Even though the United States is a bit insecure about its place in the world’s most popular sport, the U.S. women’s national soccer team has been dominant on the world stage for nearly a quarter-century. Tonight it will face off in the semifinals of the women’s World Cup against Germany, with nothing less than the title of “greatest of all time” at stake. Each team has two World Cup championships, and they’ve been the two top-ranked teams in the world since FIFA’s rankings began in 2003. The winner will take the lead in World Cup finals appearances and will have the inside track to finish atop 2015’s rankings.

So how did we get here? Basically, it boils down to two things: 1) Women’s soccer has been on a great run for the past 30-plus years in the U.S., to the point where it’s poised to become our most popular women’s sport, and 2) the rest of the world has been relatively apathetic and/or hostile to the women’s game.

U.S. women’s soccer truly seemed to arrive in the public’s attention after the 1999 World Cup. If you’re old enough to have experienced the excitement and drama of it, there’s no way you could ever forget:


This success didn’t come from nowhere. Since almost immediately after the implementation of Title IX (which became law in 1972, with compliance required by 1978) U.S. women’s soccer has grown like crazy. Probably the cleanest and easiest venue to see how this has played out is at the high school level; the National Federation of State High School Associations (NFHS) has high school athletics participation data going back to the ’70s:


In the late ’70s, the number of high school women playing soccer was in the low five figures. By the time America won the World Cup in 1991, there were more than 120,000. By the time it won in 1999, there were more than 250,000. Now it is approaching 20 percent of all high school female athletes — about 375,000 — and has surpassed baseball/softball as the third-most-played team sport.

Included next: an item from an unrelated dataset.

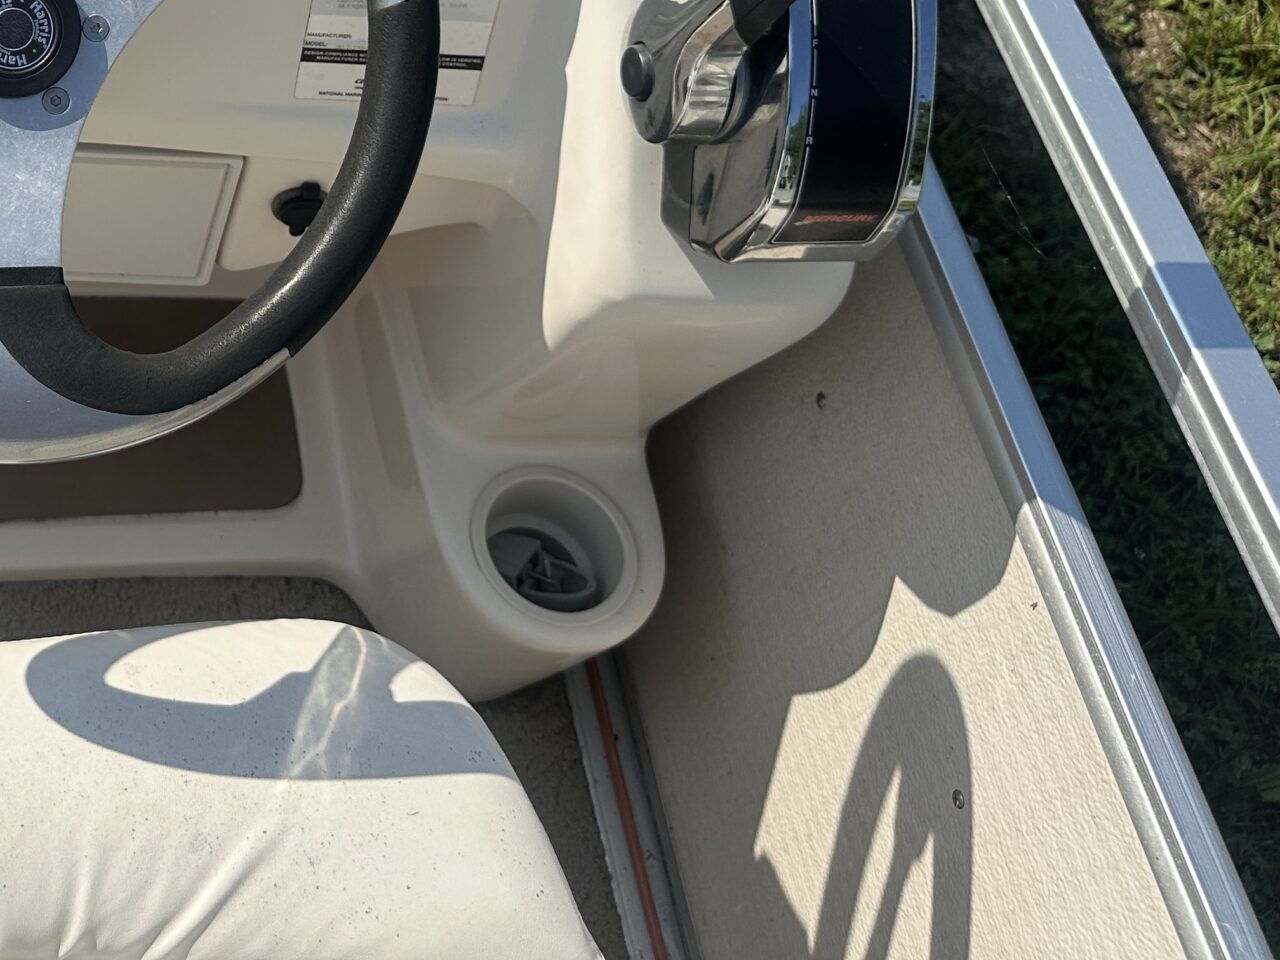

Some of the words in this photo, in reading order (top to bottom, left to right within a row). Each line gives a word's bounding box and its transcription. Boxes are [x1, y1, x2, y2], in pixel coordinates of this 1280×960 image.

Soccer has grown both by taking women from other sports and by capturing a disproportionate share of “new” female athletes as more young women began to play sports. Note that the percentage decline for basketball — by far the most mature women’s sport in the country — looks steep, but the change in total number of players is fairly small (there were more women playing high school basketball in 2013-14 than in 1976-77.) Soccer, though, has still been adding numbers to its ranks rapidly, despite a bit of a slowdown in its growth shortly after 1999:


Soccer looks like it has a good chance of taking the top spot in the next 10-20 years. Yes, volleyball has been on a nice run of late, and looks likely to pass basketball as the most-played sport as early as this year. But volleyball is down from its peak (see chart above), and the upper limit for soccer is still unknown.

For as much as the rest of the world loves soccer, it has been much slower to embrace the women’s game than the U.S. In England, women playing soccer was effectively banned (at least at venues that hosted men’s teams) from 1921 to 1971, and in Germany it was banned from 1955 to 1970. At around the time Title IX was heating up in the United States, women’s international soccer basically didn’t exist. According to FIFA, there were only three national teams and two international matches played in 1971.

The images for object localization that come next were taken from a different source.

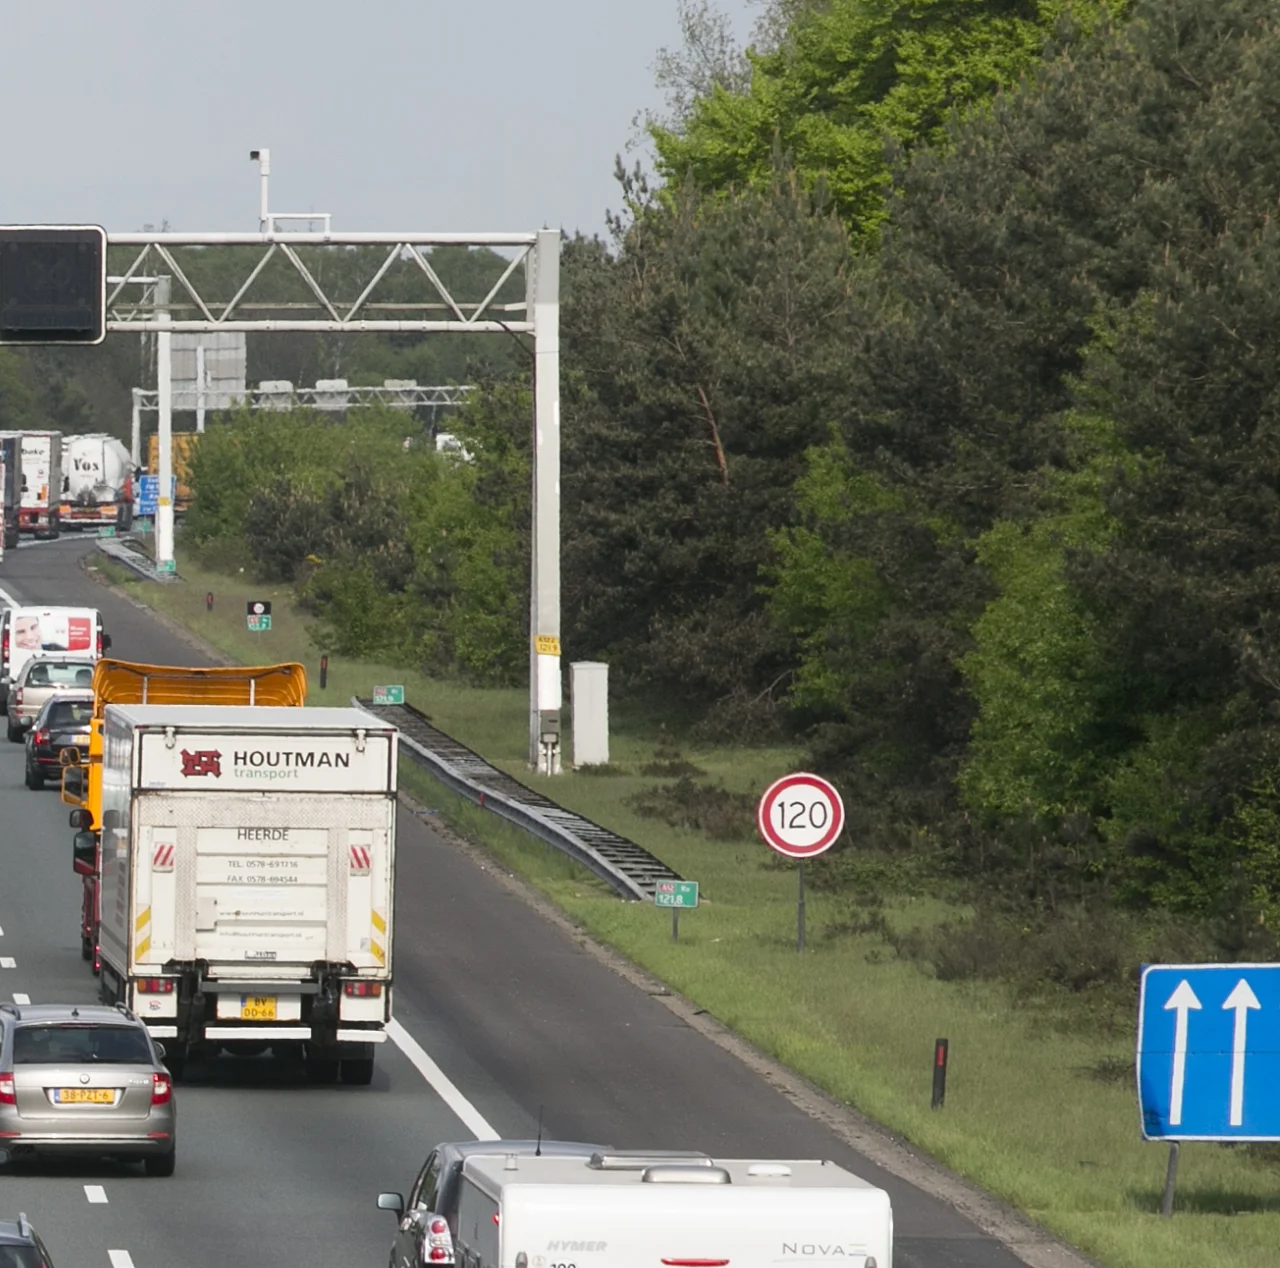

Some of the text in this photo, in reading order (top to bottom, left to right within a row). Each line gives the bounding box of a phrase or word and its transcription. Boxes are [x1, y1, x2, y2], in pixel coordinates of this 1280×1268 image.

[234, 751, 351, 768] HOUTMAN
[234, 767, 299, 780] transport
[778, 801, 828, 829] 120
[237, 827, 289, 841] HEERDE
[254, 998, 267, 1007] BV
[63, 1091, 109, 1101] 38-PZT-6
[546, 1241, 608, 1252] HYMER

And while the women’s game is still growing worldwide, it has a long way to go. The latest comprehensive statistics from FIFA come from its “Big Count” in 2006. In it, women made up about 11 percent of registered soccer players worldwide, and just 13 percent of youths. While the Big Count hasn’t been updated, more recent studies haven’t suggested any major shifts, and FIFA still uses a figure of 12 percent in its literature.

What’s worse, even those numbers are being skewed — by the United States. In that same report, the U.S. had more than 1.5 million registered female youth players — more than half of the world’s total. Take all U.S. youth out of the equation, and just 8 percent of the young soccer players in the rest of the world were female in 2006.

Also, in the U.S., women’s soccer has more parity the higher up the ladder you go. Of all FIFA-registered youth in the U.S., 40 percent are female. In high schools, young women make up 47 percent of all soccer players. In the NCAA, 53 percent of soccer players are female, including 61 percent of those in Division I.

Given that we pretty much started out on a similar playing field and have devoted more interest to women playing soccer in this country, I’m actually led to wonder why it is that we’re not even more dominant.

For example, Germany has probably the most robust network of young women playing soccer outside of the U.S. Per capita its network is about the same as America’s: The U.S. has about five times as many registered youth women’s players as Germany (based on the data in the FIFA country-by-country factbook), fitting well with a population difference of about 5x for 15-24-year-old females (judging by here and here).

If all else were equal, the U.S. should be smoking Germany: Both countries have similar youth participation rates, and we have five times more youths to draw on.

This isn’t the type of sports mystery that can be easily solved, but the best answer is probably something along the lines of “they take soccer more seriously.” And there are some pretty good hints of that in FIFA’s data: For example, 94 percent of all the FIFA-registered players in the U.S. are youths, compared with only 31 percent in Germany. In raw numbers, that means we have a little more than 100,000 relatively serious adult female players compared with Germany’s 650,000 plus. While I generally think youth or high school participation is a great proxy for potential talent pools, in this case I think the adult participation disparity tells you quite a bit about each country’s soccer culture. We may have the numbers advantage, but we don’t treat soccer as a national passion project.

At least not yet. Give us a couple more wins in Canada and we’ll see.

CLARIFICATION (July 1, 10:30 a.m.): The “rise of soccer” chart has been labeled to reflect that hockey includes both ice and field variants.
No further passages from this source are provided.